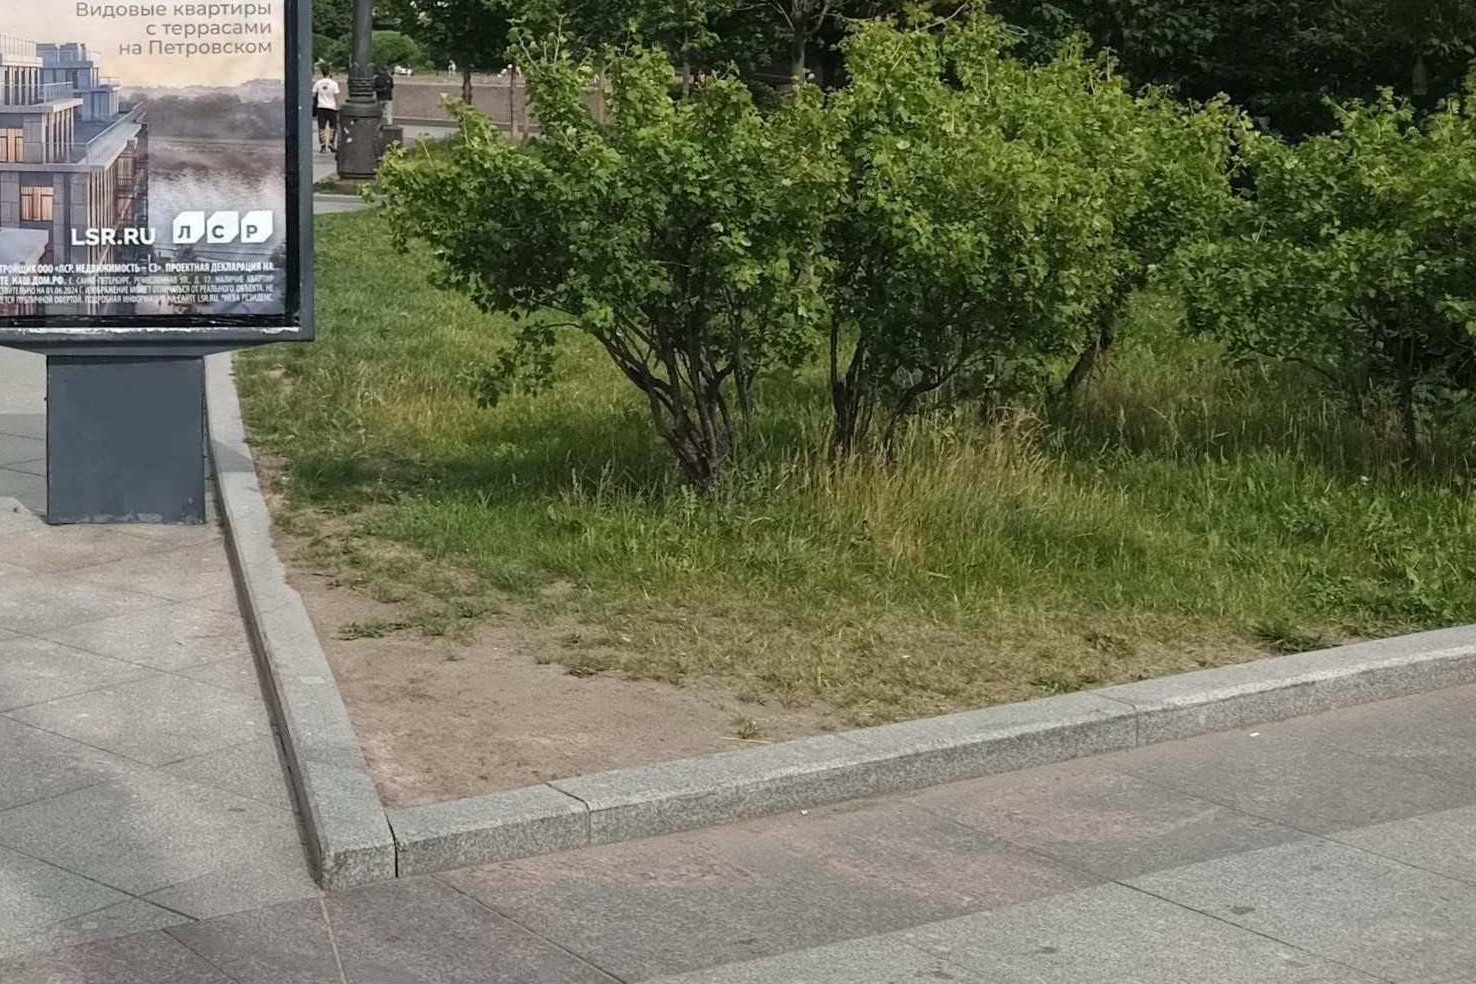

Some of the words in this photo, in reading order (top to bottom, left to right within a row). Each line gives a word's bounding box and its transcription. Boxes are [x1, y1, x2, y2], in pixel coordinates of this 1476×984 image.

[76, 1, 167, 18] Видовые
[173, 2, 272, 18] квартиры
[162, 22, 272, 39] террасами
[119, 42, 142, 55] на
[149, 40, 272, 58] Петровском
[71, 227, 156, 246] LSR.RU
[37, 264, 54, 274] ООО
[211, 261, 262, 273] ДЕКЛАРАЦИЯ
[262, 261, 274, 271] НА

Exercise
Write down the full listing above exactly as it is, except for any images.

Exercise answer
Some of the words in this photo, in reading order (top to bottom, left to right within a row). Each line gives a word's bounding box and its transcription. Boxes are [x1, y1, x2, y2], in pixel coordinates of this 1476×984 image.

[76, 1, 167, 18] Видовые
[173, 2, 272, 18] квартиры
[162, 22, 272, 39] террасами
[119, 42, 142, 55] на
[149, 40, 272, 58] Петровском
[71, 227, 156, 246] LSR.RU
[37, 264, 54, 274] ООО
[211, 261, 262, 273] ДЕКЛАРАЦИЯ
[262, 261, 274, 271] НА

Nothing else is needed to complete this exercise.